Which supplement ingredients have the best evidence?
A study published in the journal Urology by Dr. Neel Parekh and colleagues at the Cleveland Clinic and University of Miami graded 90 ingredients from the top 17 male fertility supplements. Only five earned a Grade A based on more than one proper clinical trial - L-Carnitine, CoQ10, Zinc, Vitamin C, and Vitamin E. These showed improvements in sperm parameters, not necessarily pregnancy rates.
Is ashwagandha actually clinically tested for male fertility?
Yes. A double-blind, placebo-controlled clinical trial published in Evidence-Based Complementary and Alternative Medicine studied 46 men with low sperm counts.
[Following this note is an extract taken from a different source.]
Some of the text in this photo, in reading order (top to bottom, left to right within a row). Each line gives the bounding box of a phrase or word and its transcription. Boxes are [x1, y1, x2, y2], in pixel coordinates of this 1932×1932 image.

After 90 days of ashwagandha root extract at 675mg per day, sperm count increased by 167%, semen volume by 53%, and sperm motility by 57%. A more recent trial published in Frontiers in Reproductive Health with 76 healthy men found similar results, with sperm motility improving by 87% in eight weeks. No adverse events were reported in either trial.
What is Shilajit and how does it help sperm?
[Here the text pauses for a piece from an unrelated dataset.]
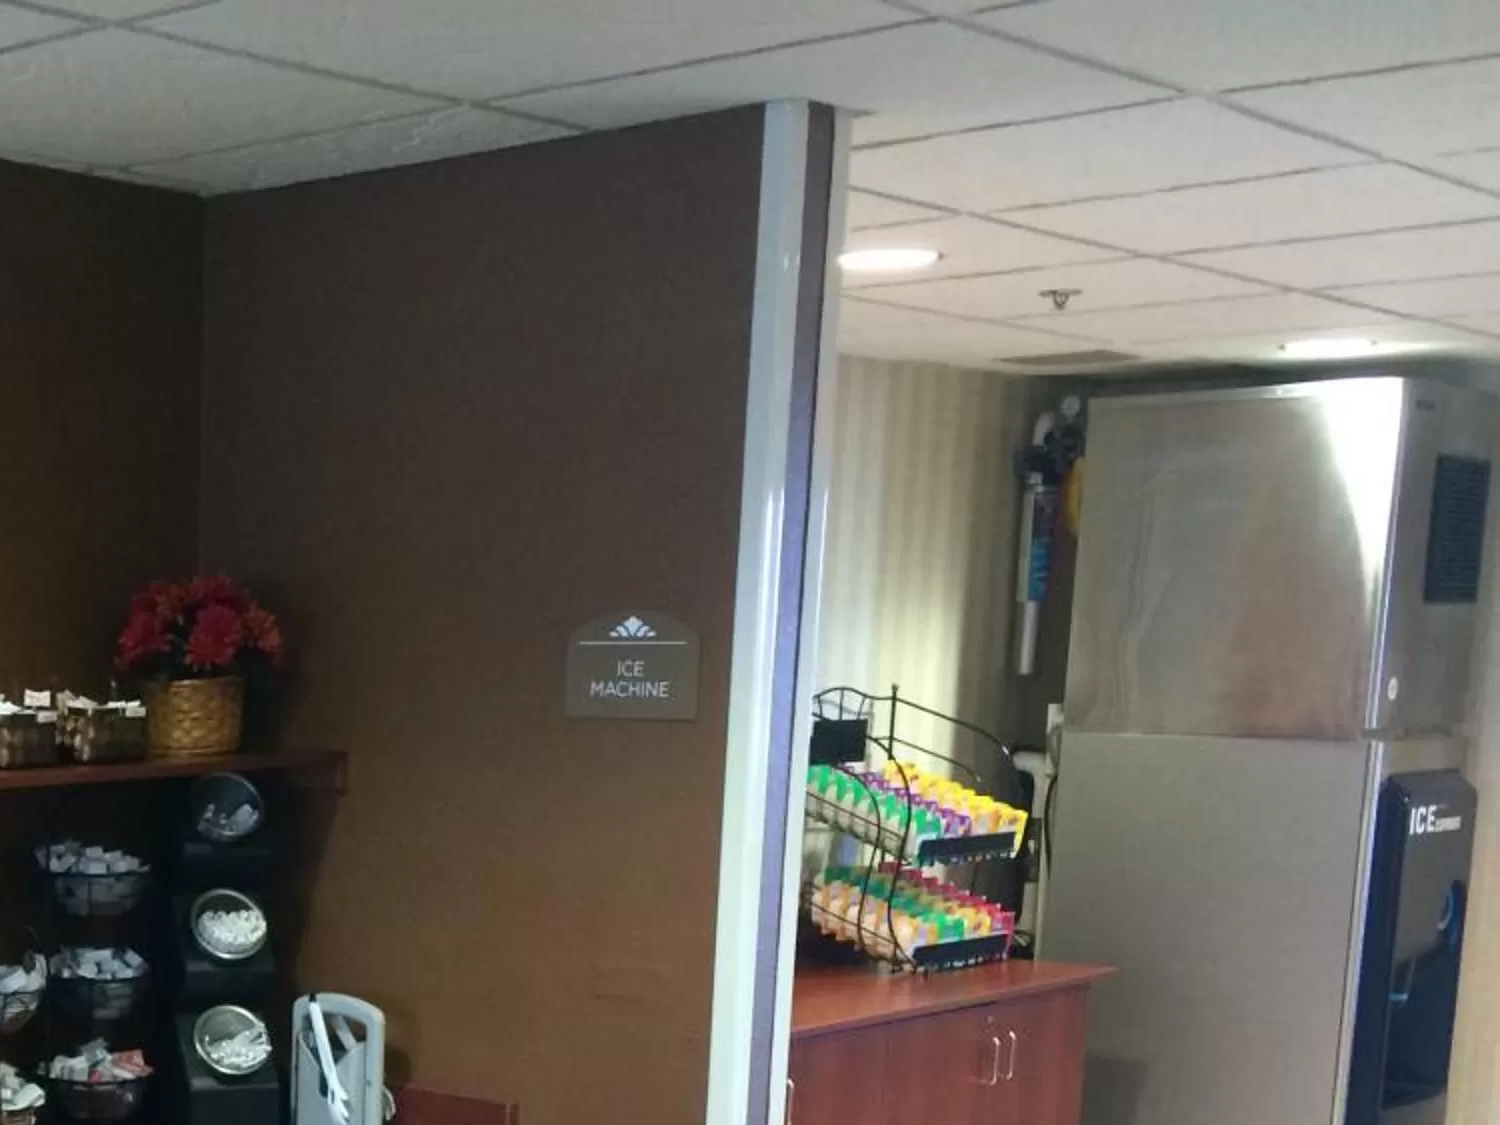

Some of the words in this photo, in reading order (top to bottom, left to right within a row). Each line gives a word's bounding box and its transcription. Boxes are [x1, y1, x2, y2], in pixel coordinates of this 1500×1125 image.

Shilajit is a mineral-rich resin from the Himalayas, used in Ayurveda for centuries as a male reproductive tonic. A clinical study published in Andrologia gave processed Shilajit to 35 men with low sperm counts for 90 days. Total sperm count increased by 61.4%, testosterone rose by 23.5%, and semen oxidative stress markers dropped by 18.7%. Liver and kidney function remained normal throughout.
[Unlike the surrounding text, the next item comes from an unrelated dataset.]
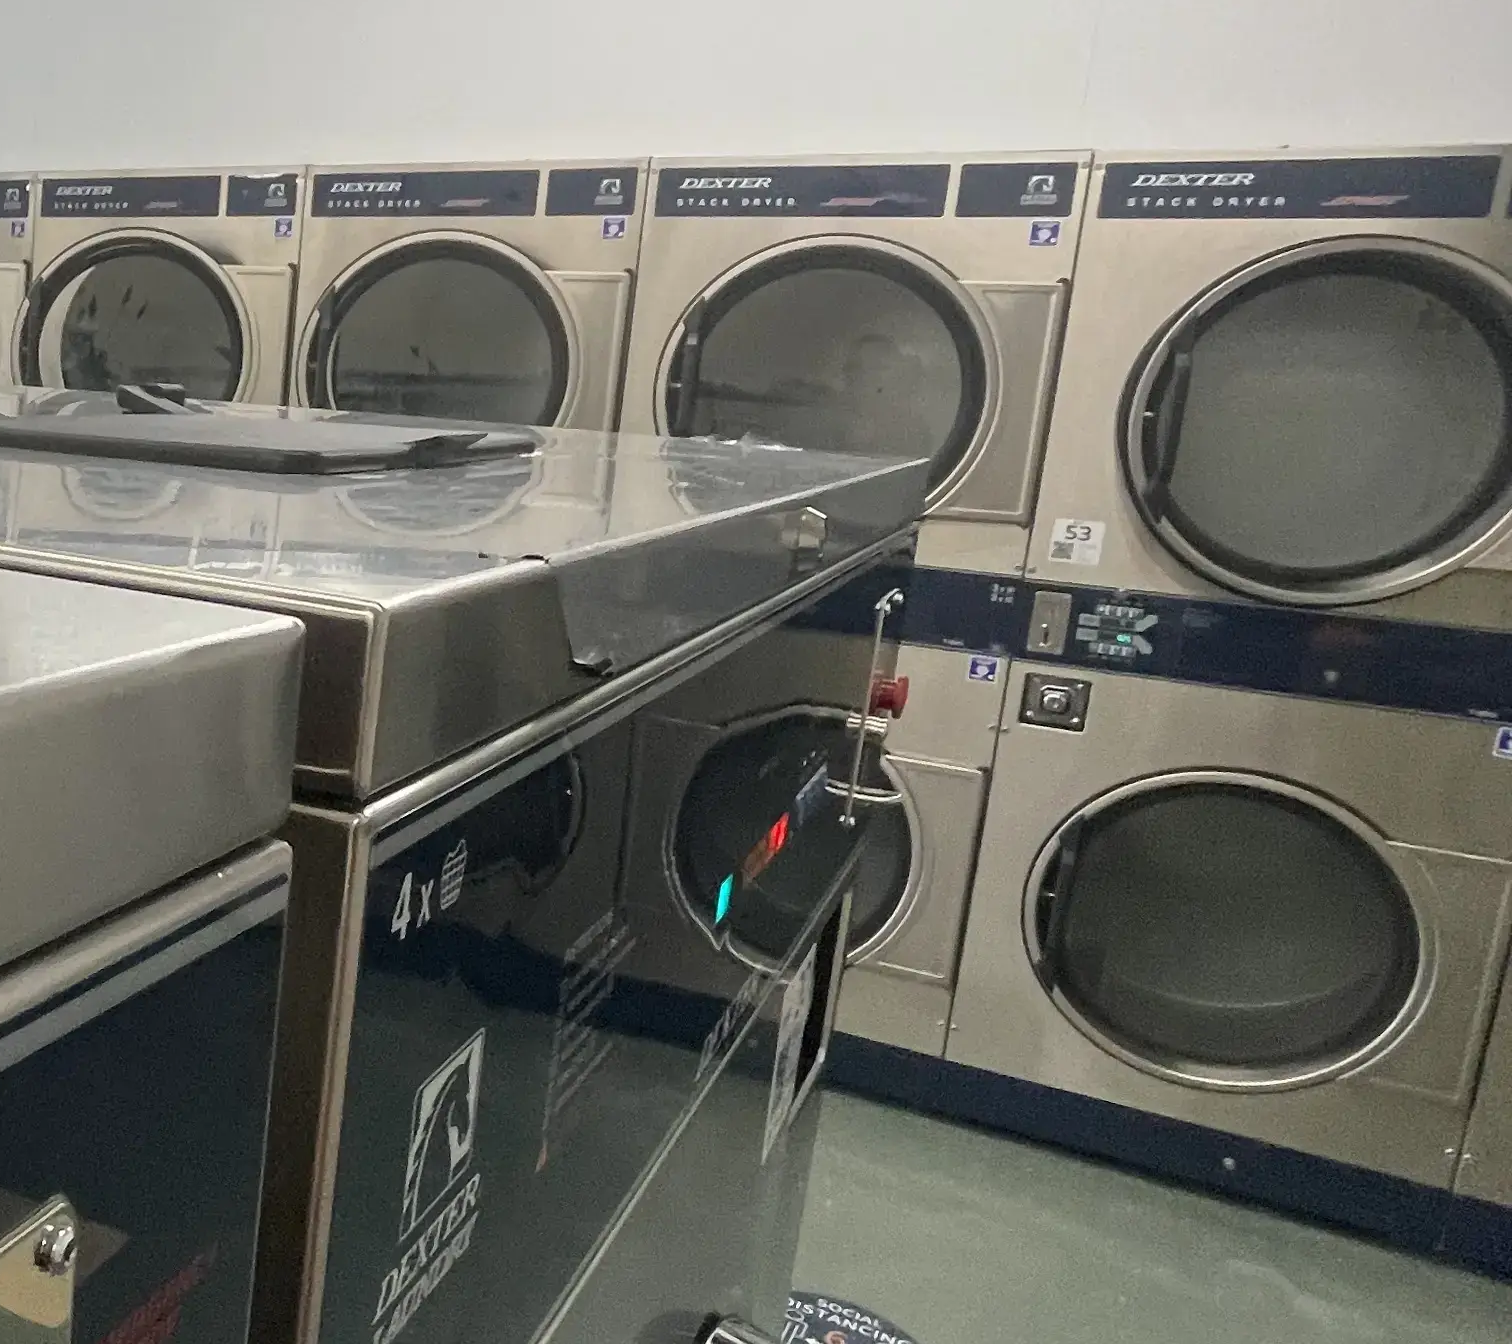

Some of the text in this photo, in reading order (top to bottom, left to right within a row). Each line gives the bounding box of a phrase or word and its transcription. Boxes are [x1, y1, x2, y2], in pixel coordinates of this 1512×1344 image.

Can too many antioxidant supplements hurt male fertility?
Yes. This is called reductive stress. When antioxidants in the body outnumber reactive oxygen species, it disrupts the natural balance the body needs for sperm to function properly. Dr. Parekh's research at the Cleveland Clinic identified this as a real risk. The SUMMER trial results - where antioxidant users had lower pregnancy rates in the optimal treatment window - are consistent with this mechanism.
How long does it take to see results from Ayurvedic fertility support?
A minimum of 90 days. Sperm production takes 72 to 90 days from start to finish. Any change in lifestyle, diet, or herbs takes at least that long to show up in a semen analysis. Both the ashwagandha and Shilajit trials used 90-day protocols for this reason. Ayurvedic Rasayana therapy is built around this biological reality.
Is Ayurvedic fertility support a replacement for seeing a doctor?
No. Some causes of male infertility - structural problems, hormonal disorders, certain chromosomal conditions - require medical diagnosis and sometimes surgery. A semen analysis and urological assessment are important first steps. Ayurvedic support works best alongside proper diagnosis, not instead of it. At Omioni, we always recommend that couples have a baseline evaluation before starting the program.
Medical disclaimer: This article is for educational purposes only and does not constitute medical advice. Individual results vary. Always consult a qualified medical professional before starting or stopping any supplement, herb, or fertility protocol. The studies cited are real and accurately summarized, but individual outcomes depend on underlying causes that require proper evaluation.